━━━━━ Supplied data
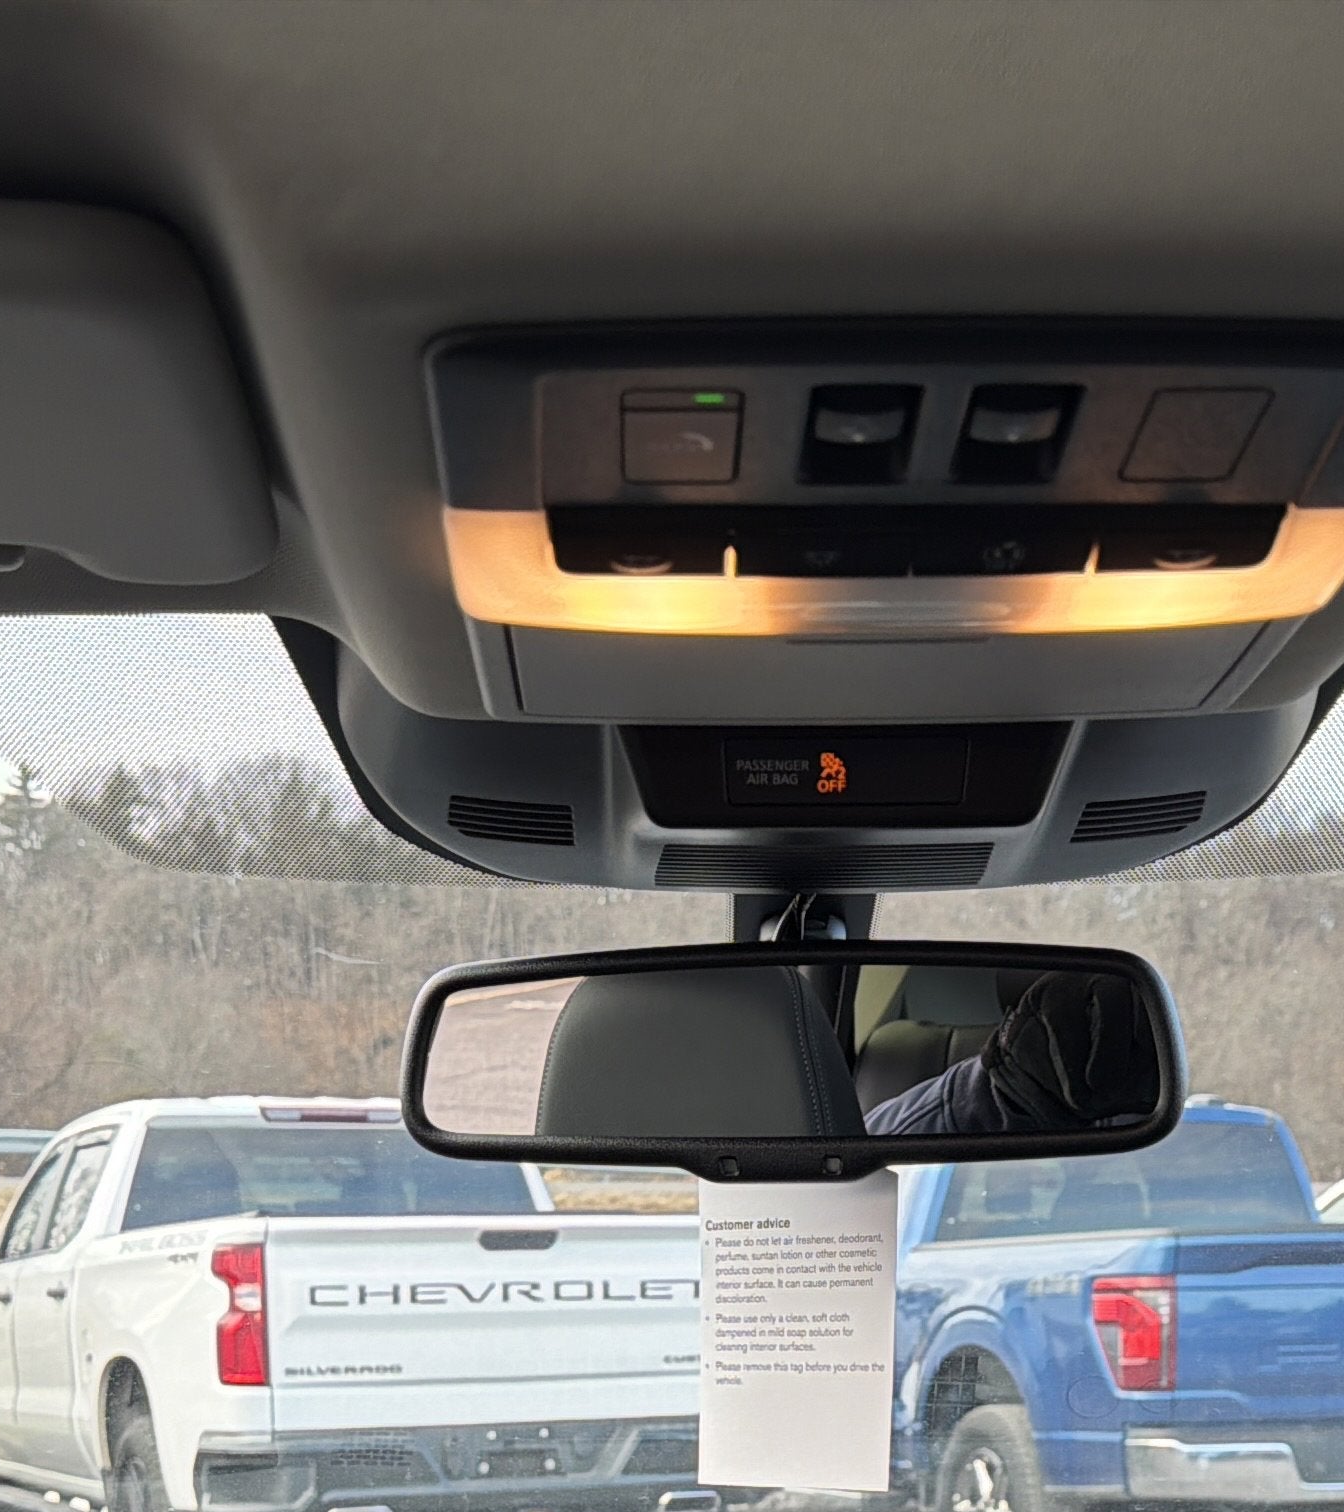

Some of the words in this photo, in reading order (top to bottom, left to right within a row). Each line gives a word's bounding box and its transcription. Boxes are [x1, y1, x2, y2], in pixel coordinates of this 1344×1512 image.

[736, 760, 810, 771] PASSENGER
[746, 773, 768, 785] AIR
[773, 773, 799, 785] BAG
[817, 779, 846, 793] OFF
[706, 1219, 753, 1231] Customer
[756, 1218, 791, 1229] advice
━━━━━━━━━━
Brief:
Give back the full data exactly as it reads, but drop the pictures.

Response:
Some of the words in this photo, in reading order (top to bottom, left to right within a row). Each line gives a word's bounding box and its transcription. Boxes are [x1, y1, x2, y2], in pixel coordinates of this 1344×1512 image.

[736, 760, 810, 771] PASSENGER
[746, 773, 768, 785] AIR
[773, 773, 799, 785] BAG
[817, 779, 846, 793] OFF
[706, 1219, 753, 1231] Customer
[756, 1218, 791, 1229] advice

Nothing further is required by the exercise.